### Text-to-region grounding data
=====
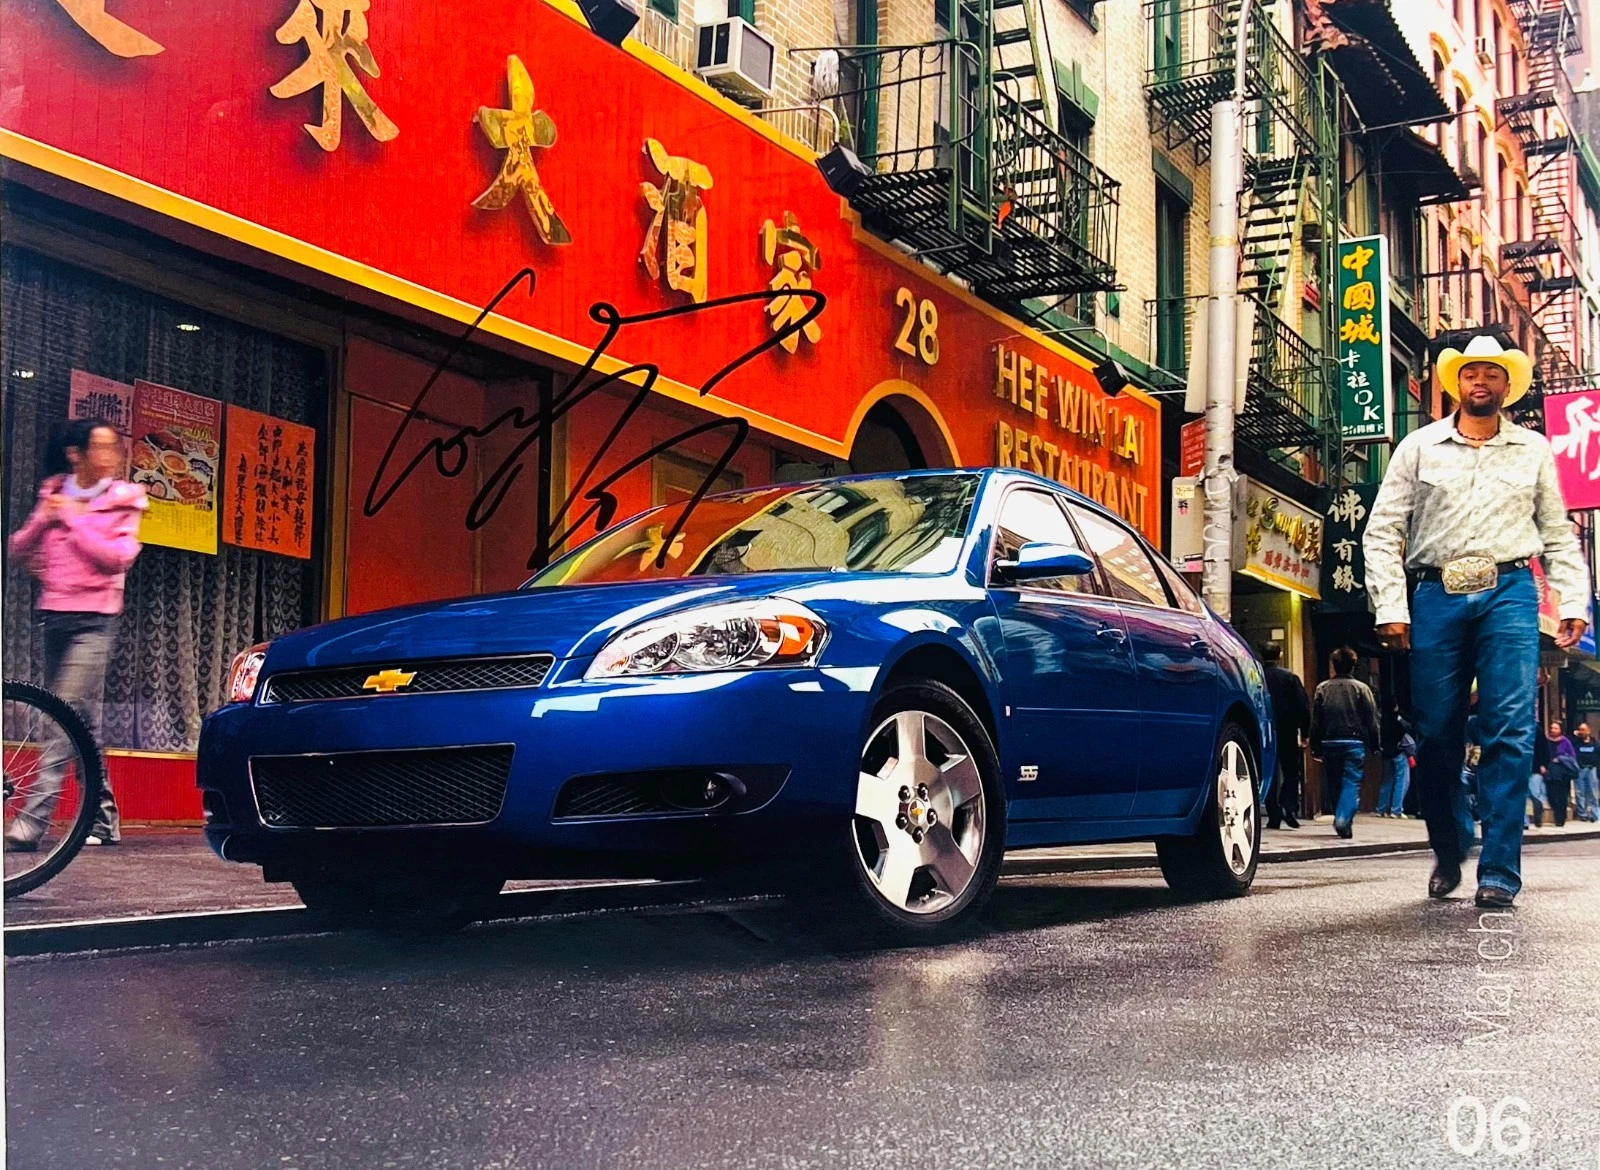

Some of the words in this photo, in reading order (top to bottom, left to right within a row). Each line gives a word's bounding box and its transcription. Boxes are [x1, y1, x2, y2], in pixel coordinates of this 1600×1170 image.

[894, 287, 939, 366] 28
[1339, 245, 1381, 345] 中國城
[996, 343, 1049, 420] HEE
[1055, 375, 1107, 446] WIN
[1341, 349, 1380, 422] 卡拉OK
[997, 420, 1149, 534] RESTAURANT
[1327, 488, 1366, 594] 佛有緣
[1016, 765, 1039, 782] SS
=====
### WHAT YOU SHOULD DO
Each entry above has to be set down again verbatim, except for its pictures.

### SOLUTION TO THE PROBLEM
Some of the words in this photo, in reading order (top to bottom, left to right within a row). Each line gives a word's bounding box and its transcription. Boxes are [x1, y1, x2, y2], in pixel coordinates of this 1600×1170 image.

[894, 287, 939, 366] 28
[1339, 245, 1381, 345] 中國城
[996, 343, 1049, 420] HEE
[1055, 375, 1107, 446] WIN
[1341, 349, 1380, 422] 卡拉OK
[997, 420, 1149, 534] RESTAURANT
[1327, 488, 1366, 594] 佛有緣
[1016, 765, 1039, 782] SS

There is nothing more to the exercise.